Category 5 Super Typhoon “Chanthu” (Kiko) impacts extreme Northern Luzon, Philippines


Super Typhoon "Chanthu" — known as Kiko in the Philippines — made its first landfall east of the Babuyan Islands at 21:00 UTC on September 10, 2021, and the second at 00:30 UTC on September 11 over Ivana, Batanes, Philippines.

Chanthu had 1-minute maximum sustained winds of 285 km/h (180 mph) at 18:00 UTC on September 10 and 270 km/h (170 mph) at 00:00 UTC on September 11.

At 06:00 UTC on September 11, its center was about 45 km (28 miles) NNW of Itbayat, Philippines and about 130 km (80 miles) SSE of Hengchun, Taiwan.

Maximum 10-minute sustained winds were 205 km/h (125 mph), with gusts up to 285 km/h (180 mph) while maximum 1-minute sustained winds are at 260 km/h (160 mph).

The minimum central barometric pressure was 910 hPa and the system was moving NNW at 15 km/h (9.2 mph).

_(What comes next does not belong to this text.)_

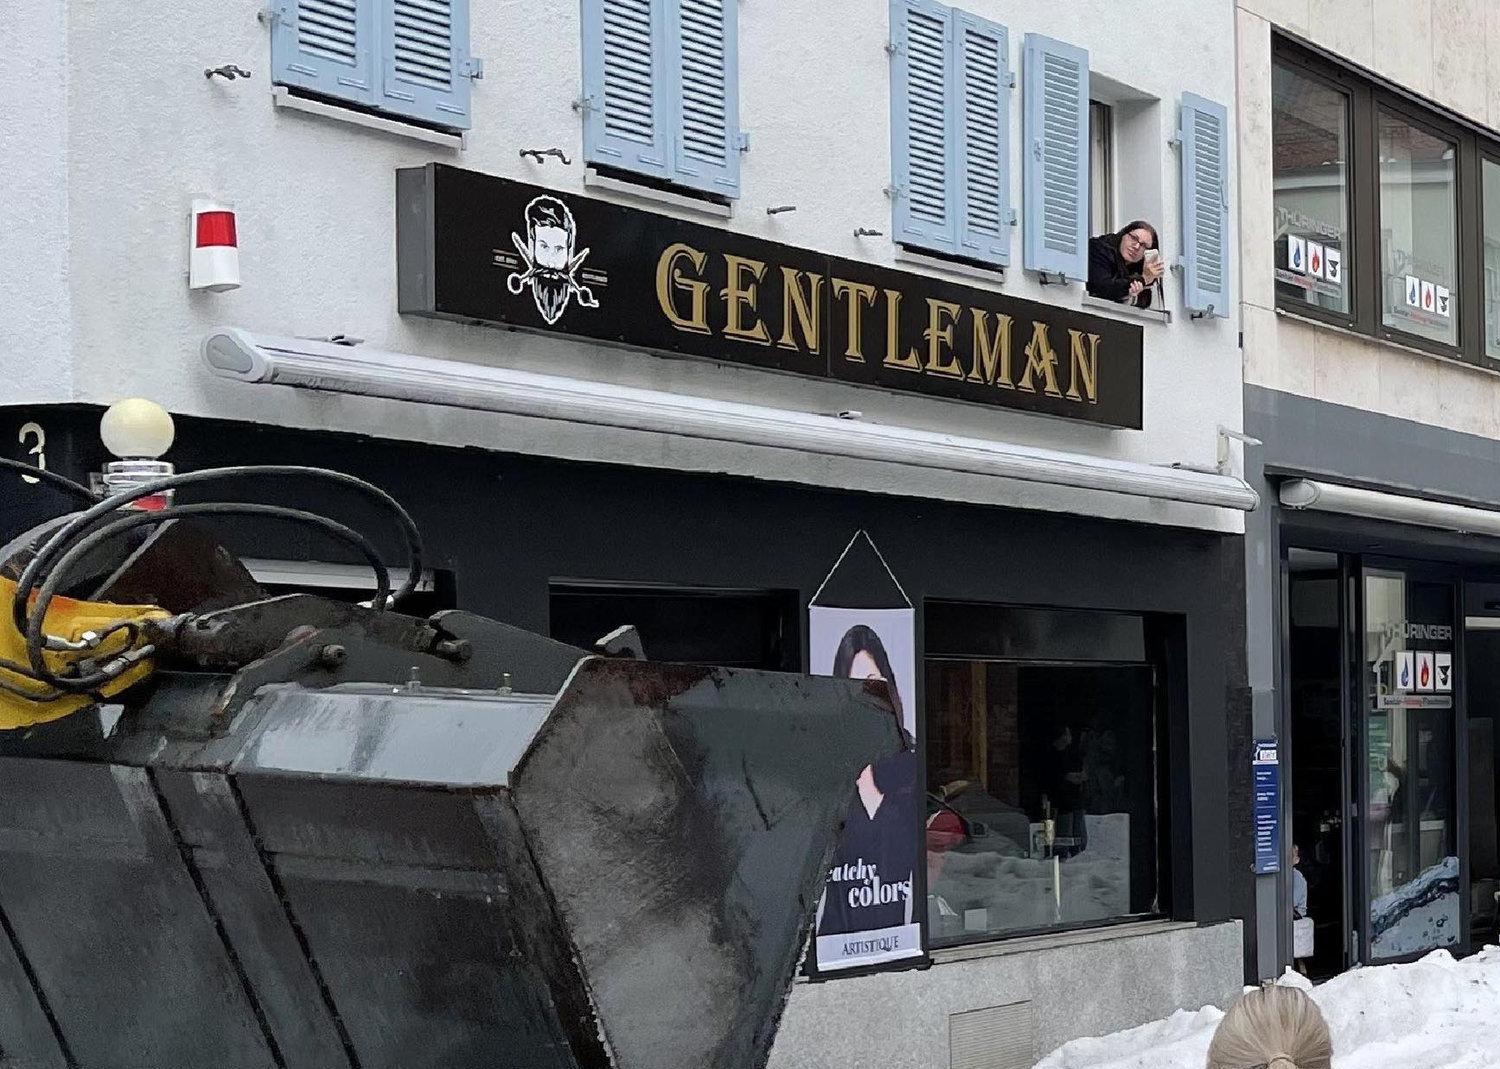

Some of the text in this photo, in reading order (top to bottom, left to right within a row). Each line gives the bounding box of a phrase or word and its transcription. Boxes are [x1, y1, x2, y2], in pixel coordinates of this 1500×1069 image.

[655, 243, 1101, 404] GENTLEMAN
[848, 875, 910, 908] colors
[842, 936, 899, 955] ARTISTIQUE
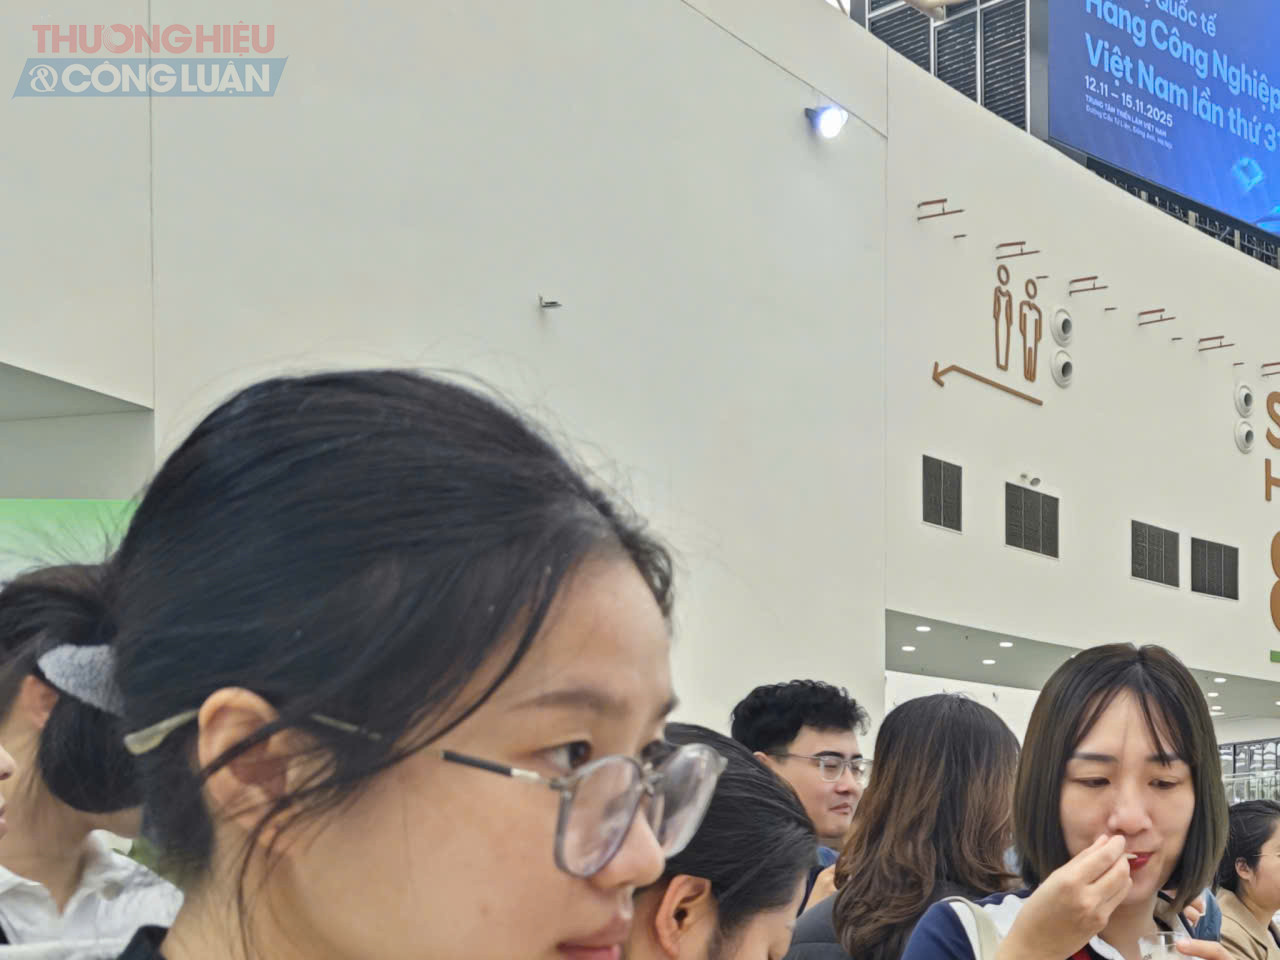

Super Typhoon "Chanthu" at 18:00 UTC on September 10, 2021. Credit: JMA/Himawari-8, RAMMB/CIRA, TW

Super Typhoon "Chanthu" at 00:50 UTC on September 11, 2021. Credit: JMA/Himawari-8, RAMMB/CIRA, TW

While Super Typhoon "Chanthu" appears to have completed an eyewall replacement cycle (ERC) and would thus be expected to be once again intensifying, radar imagery depicts the presence of a very small inner eye inside of a much larger secondary eyewall, JTWC forecasters said at 09:00 UTC.1

Microwave image acquired at 07:40 UTC today shows the outer eyewall is fairly ragged. There is also the presence of a band of dry air wrapping into the system from the east.

"The combination of these factors, along with the absorbtion of the remnants of Invest 96W, have disrupted the core from rapidly redeveloping," JTWC said.

Though Chanthu is still a super typhoon, recent imagery suggests rapid weakening.

Radar imagery shows the system has turned sharply northward, as the steering ridge has become oriented more north-south.

Chanthu is forecast to continue tracking northward along the western side of the subtropical ridge (STR) over the next 48 hours. 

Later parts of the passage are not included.